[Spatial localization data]
• • • •

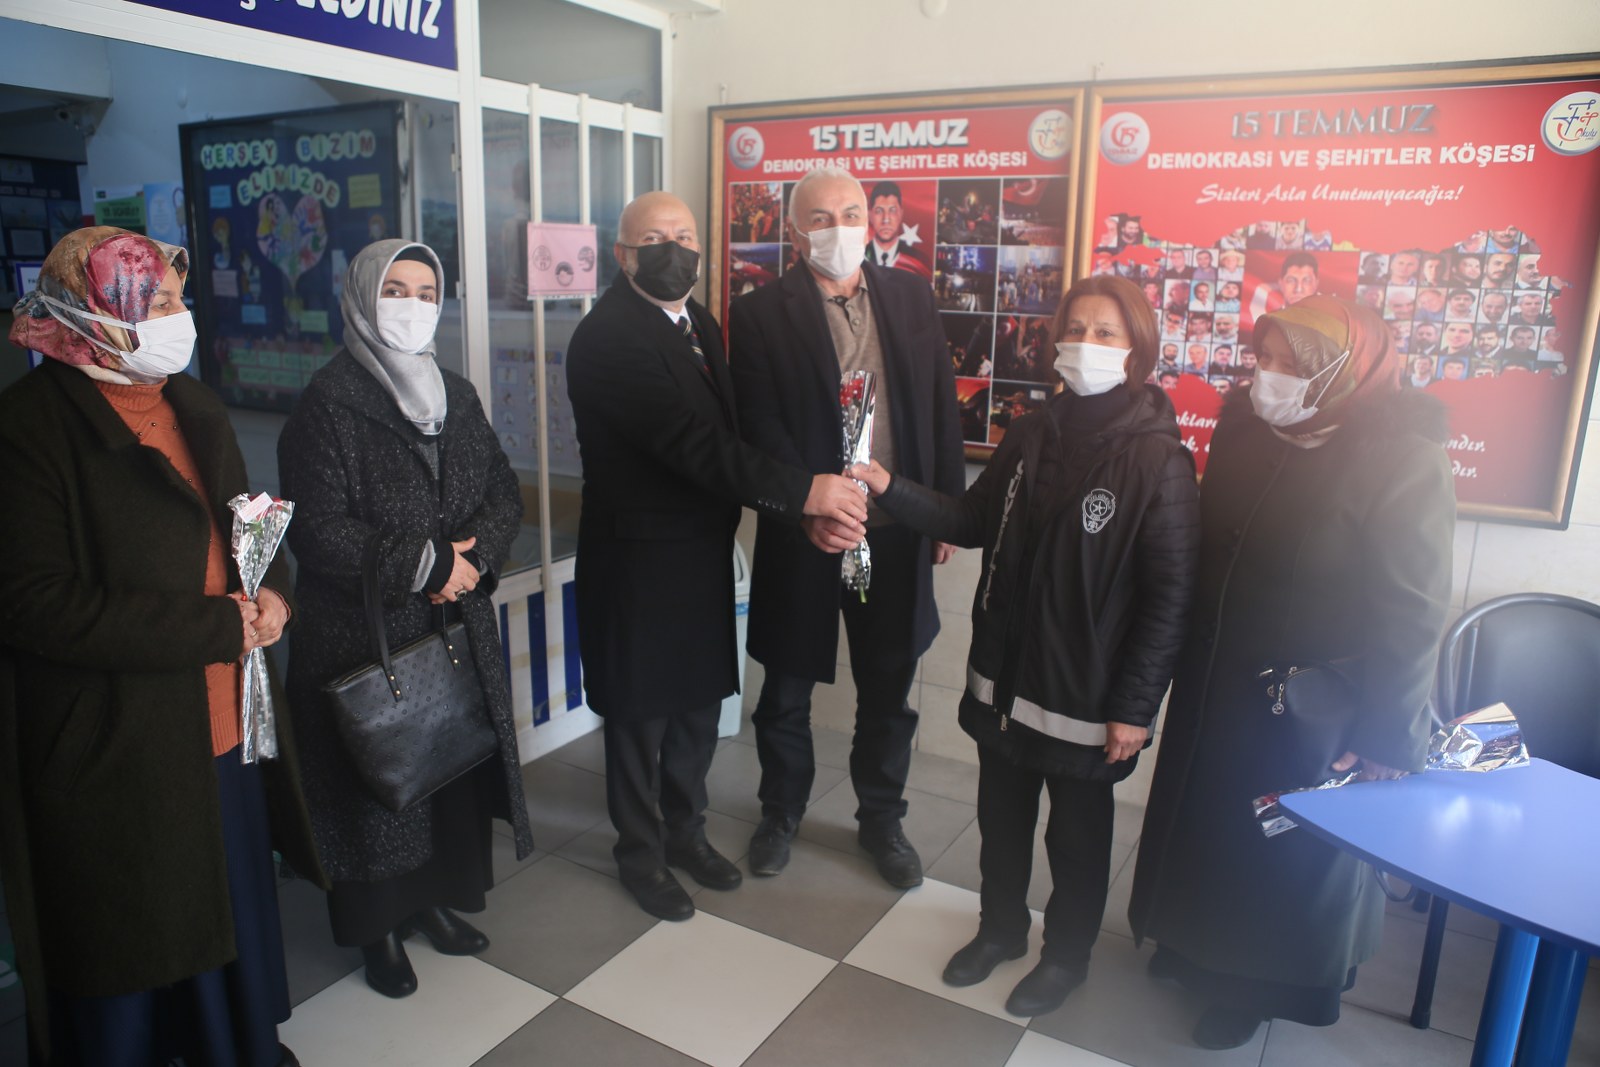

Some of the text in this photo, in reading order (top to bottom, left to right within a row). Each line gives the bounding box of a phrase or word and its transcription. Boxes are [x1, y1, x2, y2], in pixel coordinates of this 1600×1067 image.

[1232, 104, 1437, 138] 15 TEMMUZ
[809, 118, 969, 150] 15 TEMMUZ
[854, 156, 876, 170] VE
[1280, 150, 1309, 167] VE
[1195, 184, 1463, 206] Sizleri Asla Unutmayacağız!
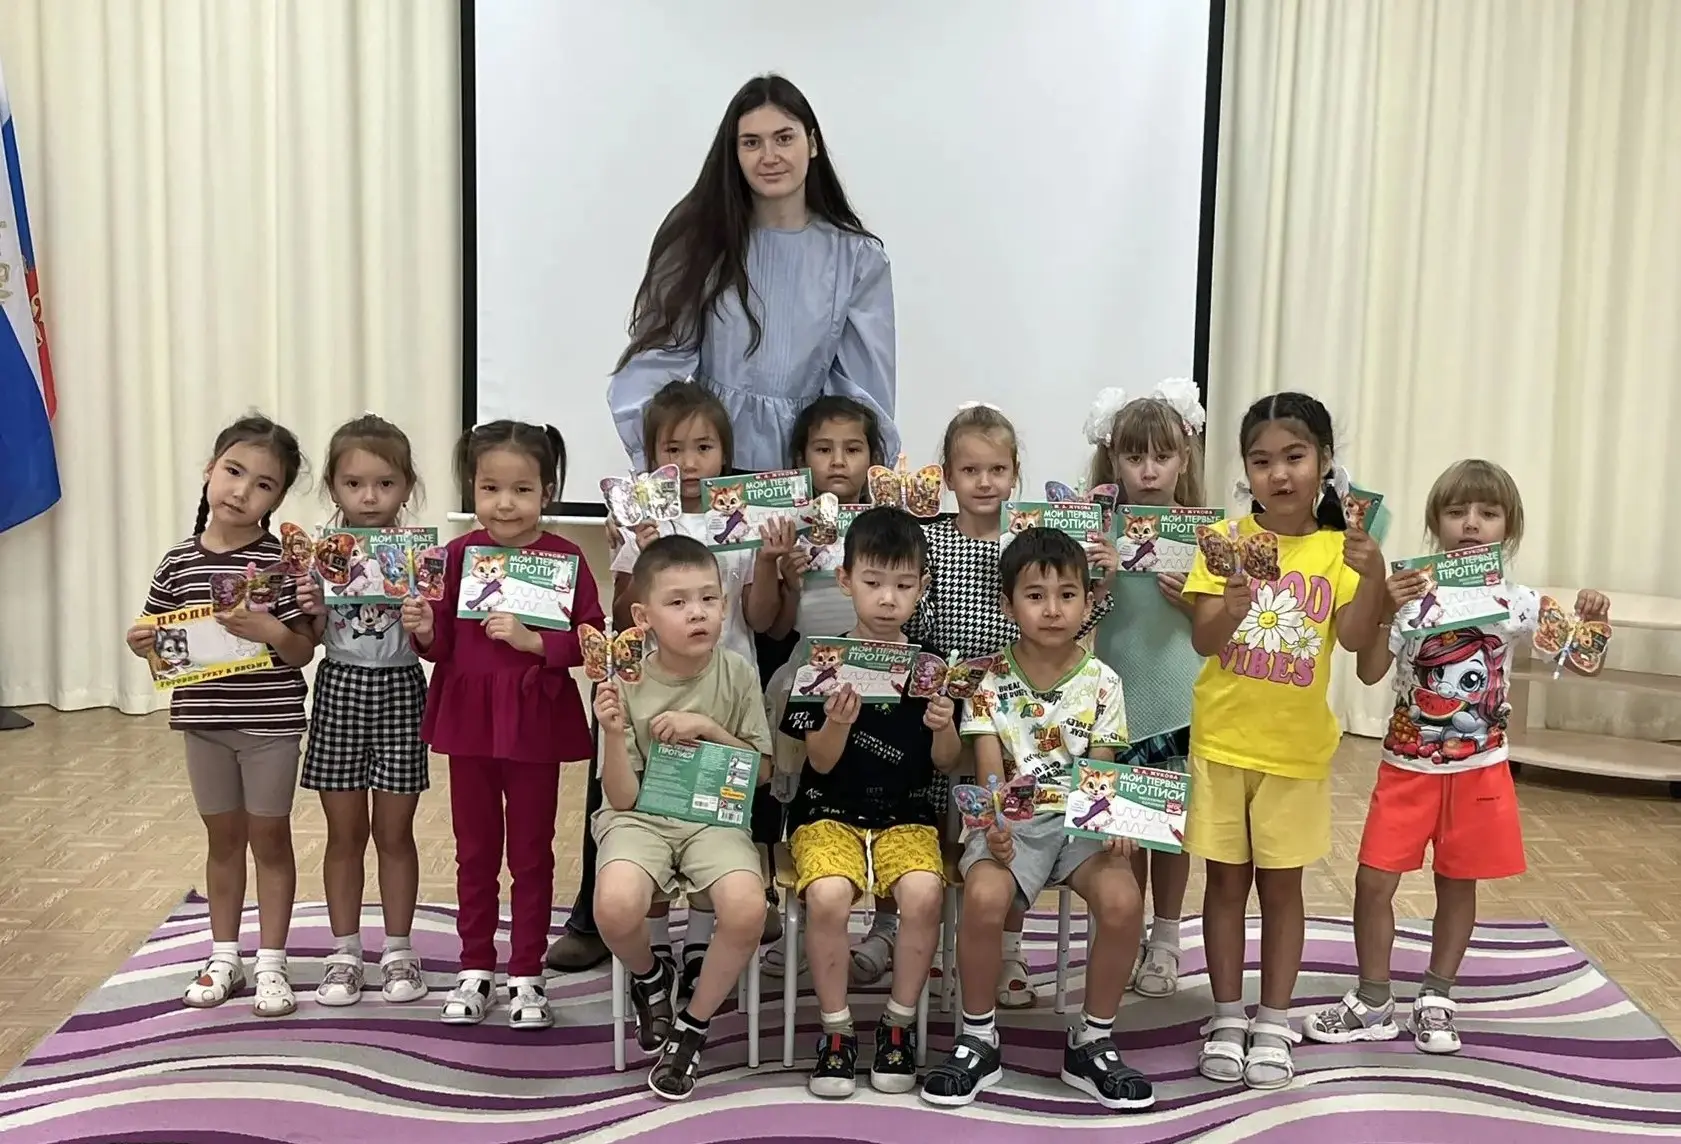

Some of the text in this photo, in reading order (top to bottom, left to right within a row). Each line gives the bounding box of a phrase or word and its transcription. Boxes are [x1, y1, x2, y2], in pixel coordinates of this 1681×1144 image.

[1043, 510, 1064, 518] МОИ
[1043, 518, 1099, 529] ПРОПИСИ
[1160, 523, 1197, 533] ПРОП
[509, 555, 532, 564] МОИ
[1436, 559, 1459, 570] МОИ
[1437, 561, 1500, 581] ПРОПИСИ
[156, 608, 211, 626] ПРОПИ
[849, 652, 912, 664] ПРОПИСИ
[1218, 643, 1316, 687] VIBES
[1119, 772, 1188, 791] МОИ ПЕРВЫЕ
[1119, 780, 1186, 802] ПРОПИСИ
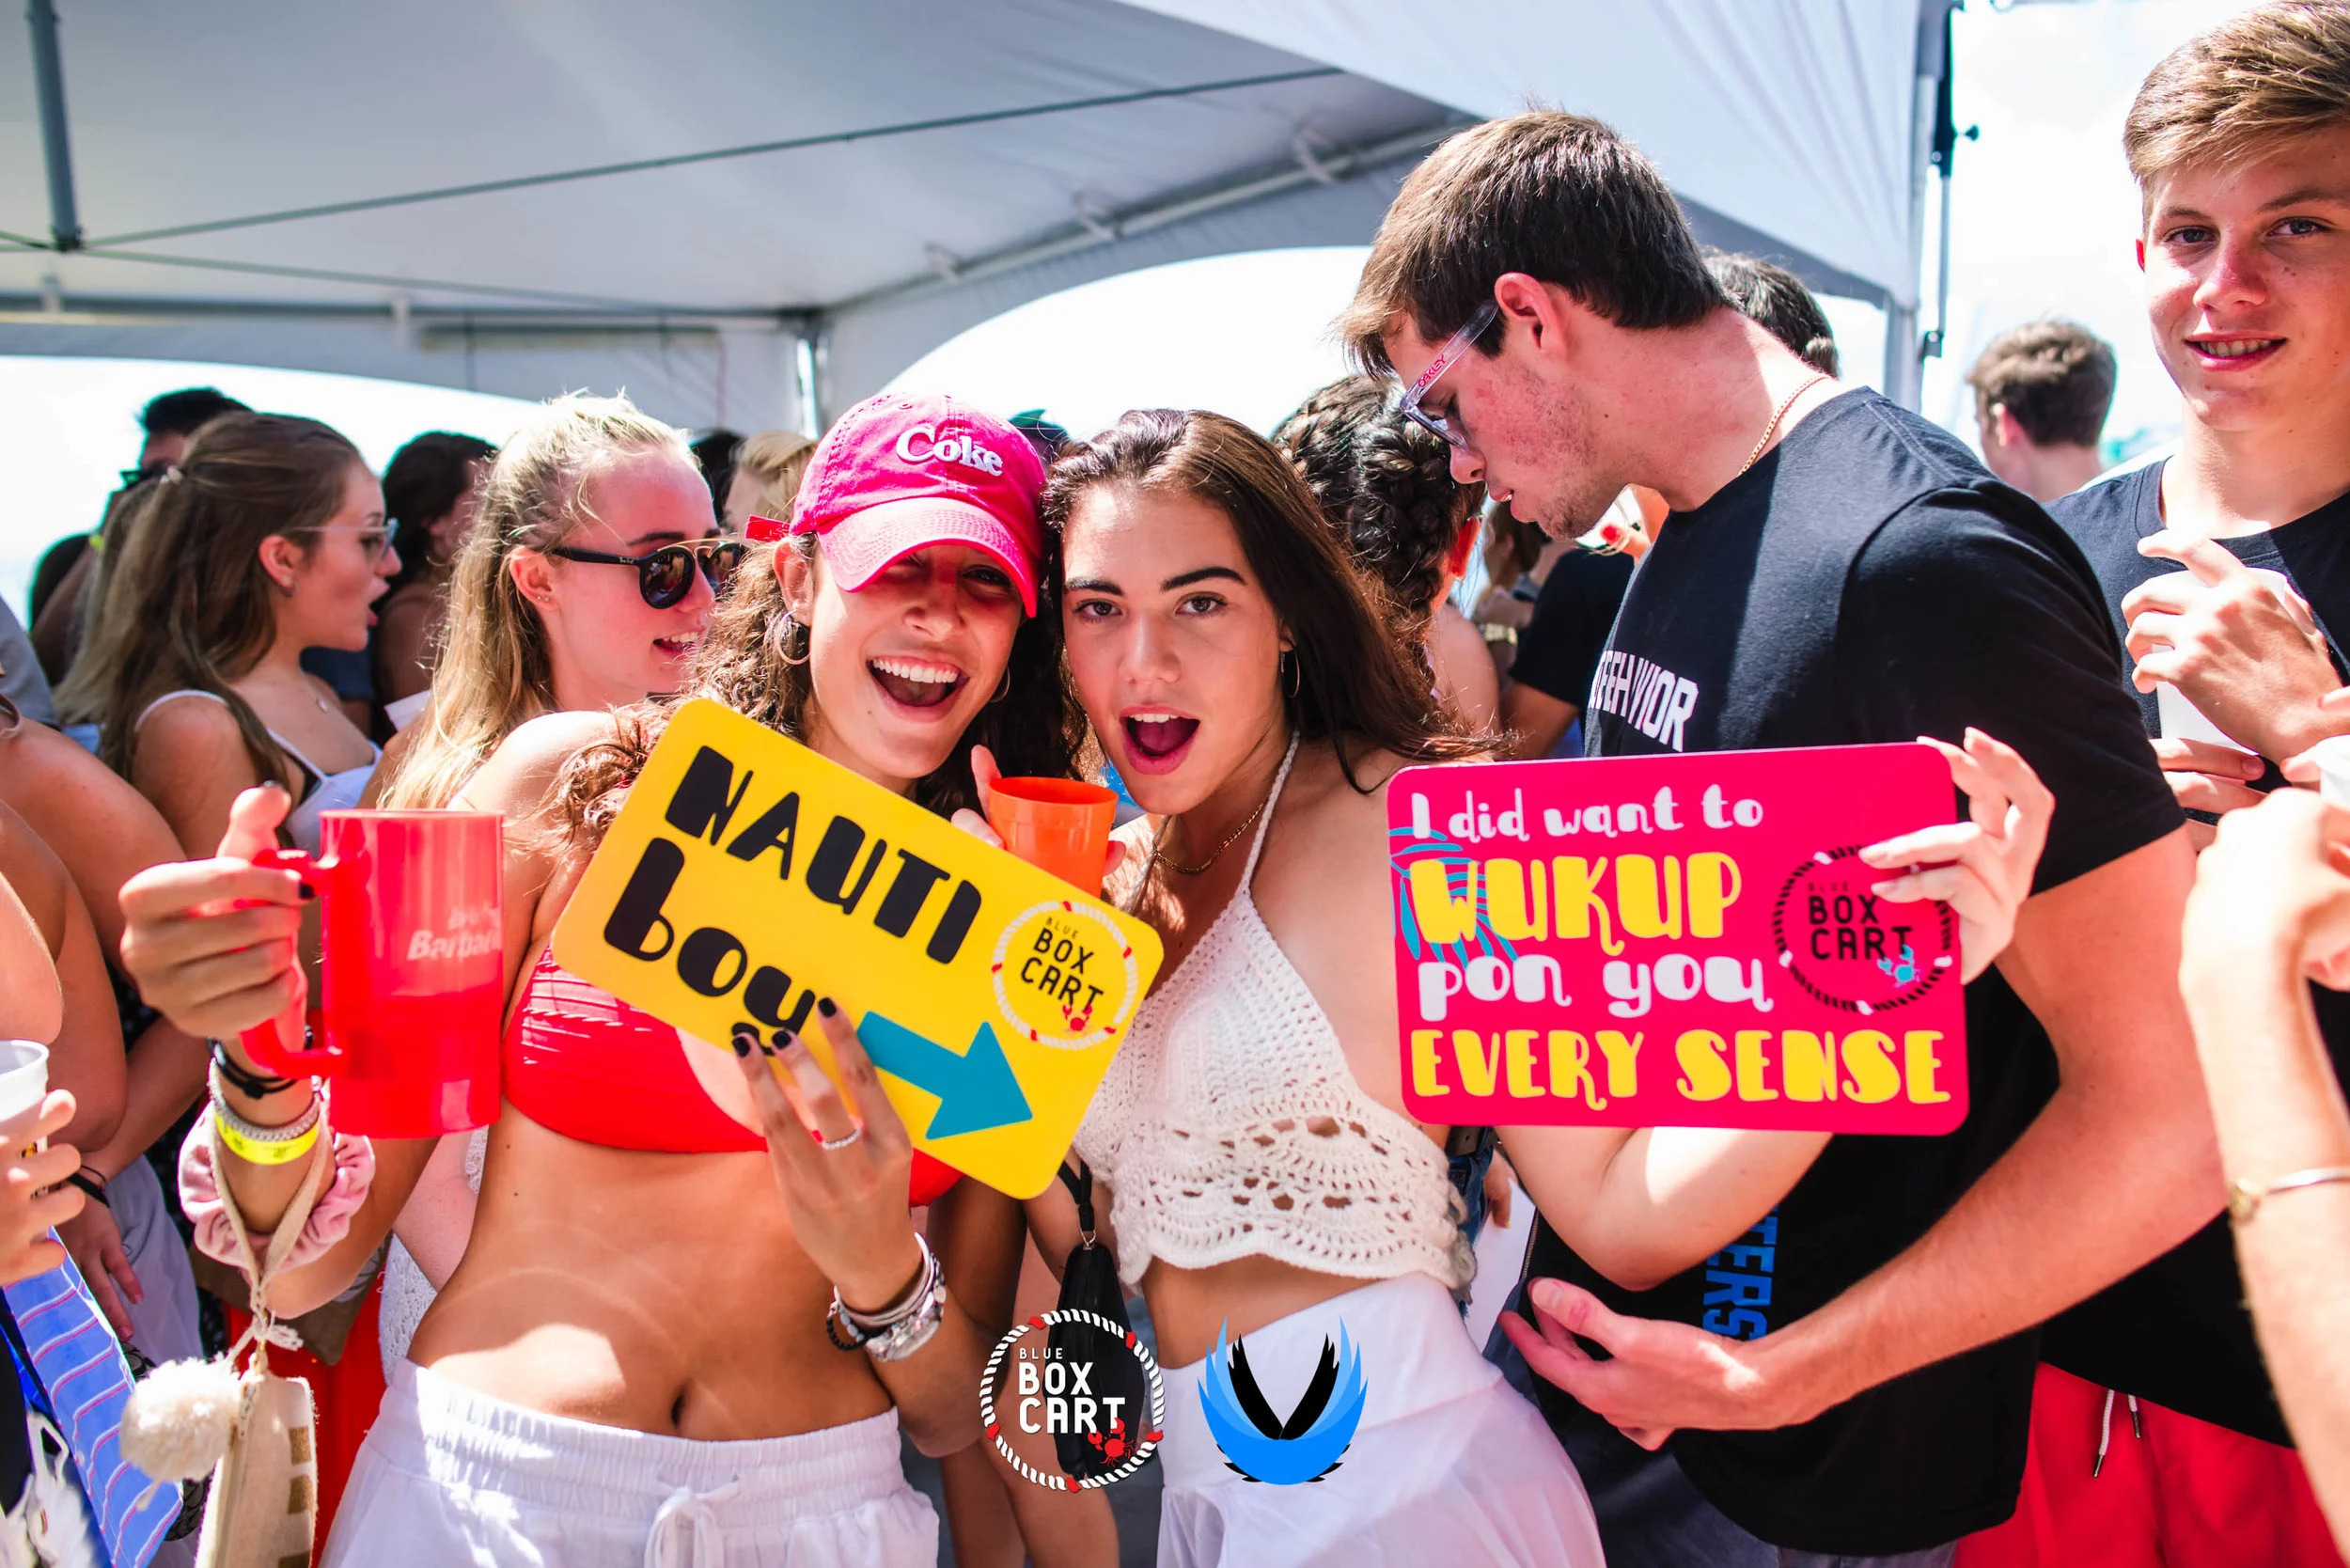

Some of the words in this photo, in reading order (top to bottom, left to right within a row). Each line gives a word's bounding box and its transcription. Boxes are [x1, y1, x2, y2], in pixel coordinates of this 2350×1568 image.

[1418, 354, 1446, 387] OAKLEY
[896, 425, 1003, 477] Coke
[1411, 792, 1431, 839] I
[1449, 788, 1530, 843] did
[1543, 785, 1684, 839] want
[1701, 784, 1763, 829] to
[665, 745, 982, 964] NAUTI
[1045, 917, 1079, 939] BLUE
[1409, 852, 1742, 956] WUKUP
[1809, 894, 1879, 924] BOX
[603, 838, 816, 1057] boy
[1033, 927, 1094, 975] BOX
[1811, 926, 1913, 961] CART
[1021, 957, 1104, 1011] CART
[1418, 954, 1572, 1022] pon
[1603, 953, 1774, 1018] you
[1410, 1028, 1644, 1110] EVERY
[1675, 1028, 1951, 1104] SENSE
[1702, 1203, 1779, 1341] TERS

• • • •

**TASK BRIEF**
From the first line to the last, retype the data above exactly, but not its images.

**TASK RESPONSE**
Some of the text in this photo, in reading order (top to bottom, left to right within a row). Each line gives the bounding box of a phrase or word and its transcription. Boxes are [x1, y1, x2, y2], in pixel coordinates of this 1600×1067 image.

[1232, 104, 1437, 138] 15 TEMMUZ
[809, 118, 969, 150] 15 TEMMUZ
[854, 156, 876, 170] VE
[1280, 150, 1309, 167] VE
[1195, 184, 1463, 206] Sizleri Asla Unutmayacağız!

Some of the text in this photo, in reading order (top to bottom, left to right within a row). Each line gives the bounding box of a phrase or word and its transcription. Boxes are [x1, y1, x2, y2], in pixel coordinates of this 1681×1144 image.

[1043, 510, 1064, 518] МОИ
[1043, 518, 1099, 529] ПРОПИСИ
[1160, 523, 1197, 533] ПРОП
[509, 555, 532, 564] МОИ
[1436, 559, 1459, 570] МОИ
[1437, 561, 1500, 581] ПРОПИСИ
[156, 608, 211, 626] ПРОПИ
[849, 652, 912, 664] ПРОПИСИ
[1218, 643, 1316, 687] VIBES
[1119, 772, 1188, 791] МОИ ПЕРВЫЕ
[1119, 780, 1186, 802] ПРОПИСИ

Some of the words in this photo, in reading order (top to bottom, left to right within a row). Each line gives a word's bounding box and its transcription. Boxes are [x1, y1, x2, y2], in pixel coordinates of this 2350×1568 image.

[1418, 354, 1446, 387] OAKLEY
[896, 425, 1003, 477] Coke
[1411, 792, 1431, 839] I
[1449, 788, 1530, 843] did
[1543, 785, 1684, 839] want
[1701, 784, 1763, 829] to
[665, 745, 982, 964] NAUTI
[1045, 917, 1079, 939] BLUE
[1409, 852, 1742, 956] WUKUP
[1809, 894, 1879, 924] BOX
[603, 838, 816, 1057] boy
[1033, 927, 1094, 975] BOX
[1811, 926, 1913, 961] CART
[1021, 957, 1104, 1011] CART
[1418, 954, 1572, 1022] pon
[1603, 953, 1774, 1018] you
[1410, 1028, 1644, 1110] EVERY
[1675, 1028, 1951, 1104] SENSE
[1702, 1203, 1779, 1341] TERS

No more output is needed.